Several of the schools in the district faced lighting challenges in their gymnasiums from both a cost and operations perspective. The facilities were equipped with 400-watt metal halide fixtures, which took anywhere from 5 to 15 minutes to warm up and reach full light output. Therefore, the lights remained on all day.The district selected Dobson Elementary School to serve as the initial test site for new gymnasium lighting. Faced with the challenge of finding a better, more efficient and user-friendly lighting solution, the school district turned to State Electric Supply Co. to identify lighting technology that could offer the best payback and energy savings.
Dobson Elementary School’s 5,400 square-foot gymnasium was originally equipped with ten 400-watt metal halide fixtures.
“We conducted energy-saving calculations and provided the school district with details about each fixture we recommended,” said Dale Mayes, State Electric Supply Co. Branch Manager and lead specifier for the project.
State Electric Supply Co. introduced the idea of LED lighting. LED technology would save energy, and provide the ease of use the school needed – the ability to turn on and off the lights quickly.
“We realized the fixture cost was minimal compared to the savings we could achieve with LED luminaires,” said Draughn, Surry County School District Director of Plant Operations.
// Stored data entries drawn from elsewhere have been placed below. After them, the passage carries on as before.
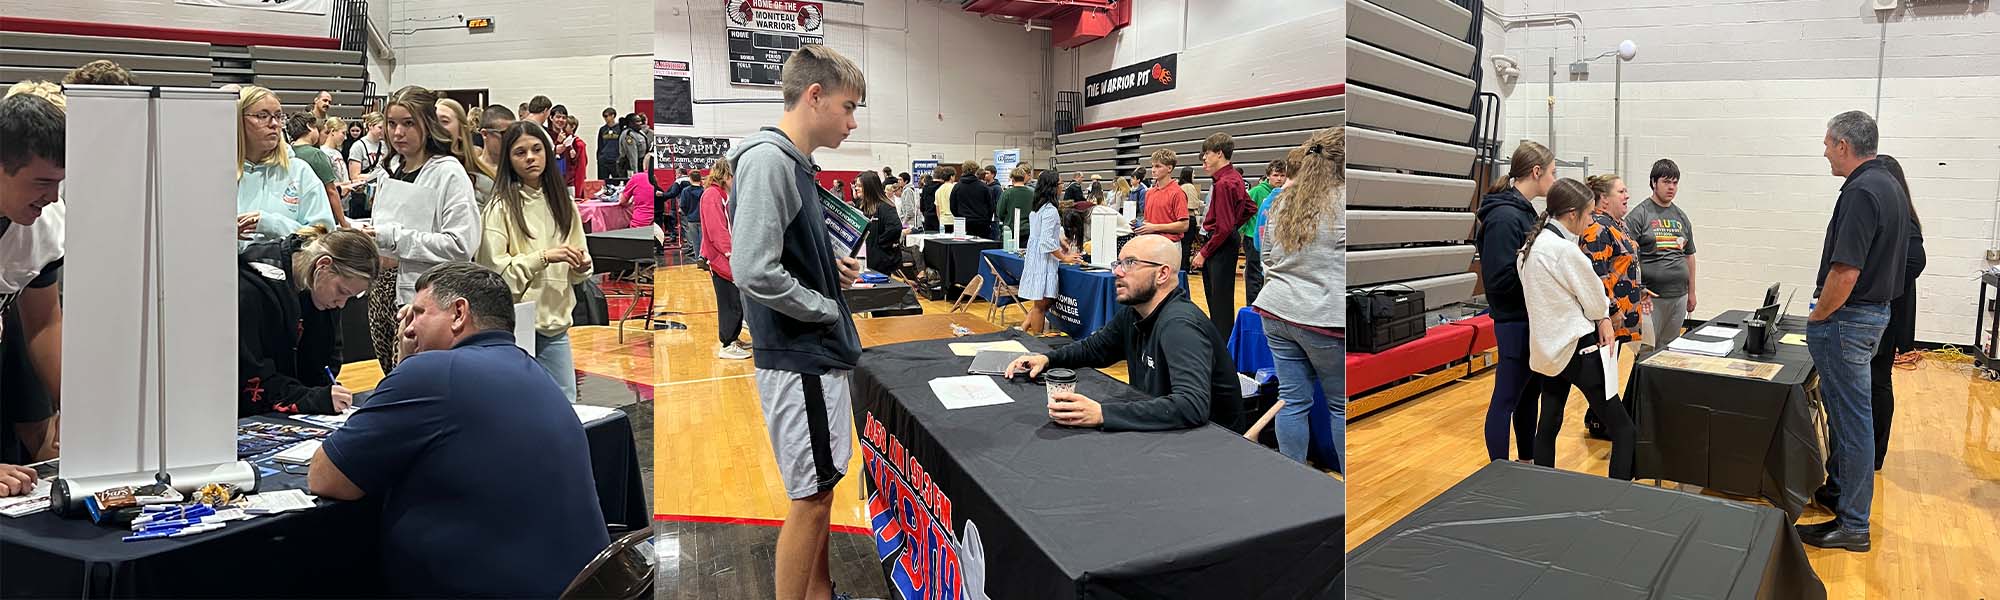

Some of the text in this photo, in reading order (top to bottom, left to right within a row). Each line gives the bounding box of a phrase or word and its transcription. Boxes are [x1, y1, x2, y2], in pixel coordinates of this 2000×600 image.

[753, 0, 797, 11] HOME OF THE
[755, 11, 795, 22] MONITEAU
[756, 21, 796, 31] WARRIORS
[800, 36, 822, 44] VISITOR
[1086, 69, 1151, 98] THE WARRIOR PIT
[688, 144, 721, 154] ARMY
[834, 208, 862, 230] FOUNDATION
[1651, 218, 1682, 230] PLUTO
[1056, 302, 1079, 316] COLLEGE
[888, 434, 904, 476] AM
[910, 456, 932, 508] 97.3
[932, 482, 952, 536] FM
[101, 490, 129, 501] Bars
Ten Lithonia Lighting® IBH low bay LED luminaires were selected and installed in Dobson Elementary School, and are projected to save nearly $1,350 per year.
Dobson Elementary School successfully began its 2013 - 2014 school year with an LED system to illuminate its gymnasium. “The significant savings will essentially pay for the new fixtures in only two years,” said Mayes.
“The performance of the lighting was extremely impressive. In most places the foot-candle levels improved more than 50 percent,” said Draughn.
The school was also able to decrease the amount of time the lights were left on, further reducing energy consumption.Surry County School District now plans to adopt LED lighting in nine additional schools, including two high schools, six elementary schools and one middle school.